- Association: German Motor Union Deutscher Motor Sport Bund
- FIM code: DMSB
- Nation colour: Black, Red, Yellow
- SWC wins: 0

= Germany national speedway team =

German national motorcycle speedway team

The Germany national speedway team are one of the teams that compete in international team motorcycle speedway.

== History ==
The West Germany national speedway team competed in the inaugural Speedway World Team Cup in 1960 and the following year in 1961, the East Germany national speedway team competed in the World Cup for the first time.

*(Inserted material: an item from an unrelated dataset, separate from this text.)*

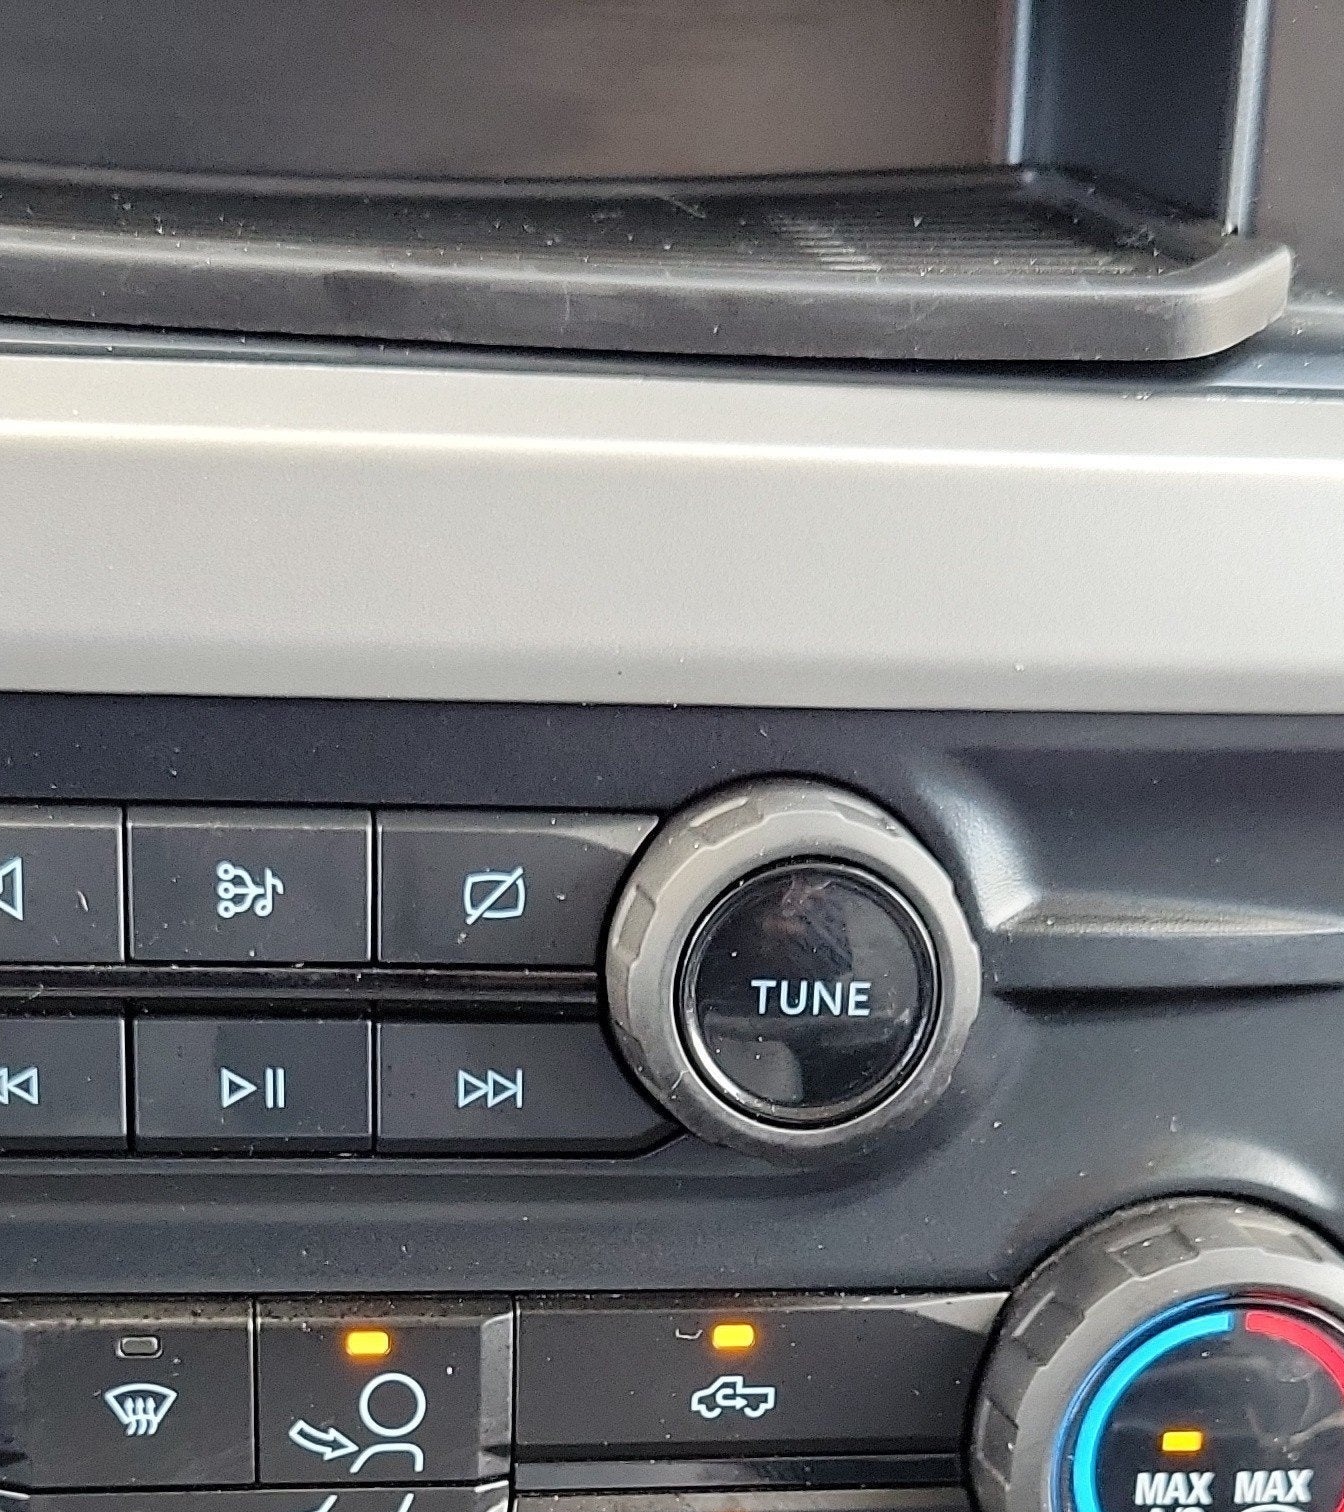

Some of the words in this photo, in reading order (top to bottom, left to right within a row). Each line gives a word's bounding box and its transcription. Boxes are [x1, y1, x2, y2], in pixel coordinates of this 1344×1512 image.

[750, 979, 872, 1016] TUNE
[1134, 1471, 1215, 1506] MAX
[1233, 1468, 1314, 1505] MAX

Traditionally the West German team was much stronger and produced the majority of the leading riders from the German nations. West Germany and East Germany became the Germany national speedway team in 1991, following the events that led to the German reunification between 1989 and 1991.

The German team reached the final of the World Team Cup in 1994, 1996, 1997 and 1998 but failed to make any impact over the next two decades, until they competed in consecutive finals of the Speedway of Nations in 2018 and 2019.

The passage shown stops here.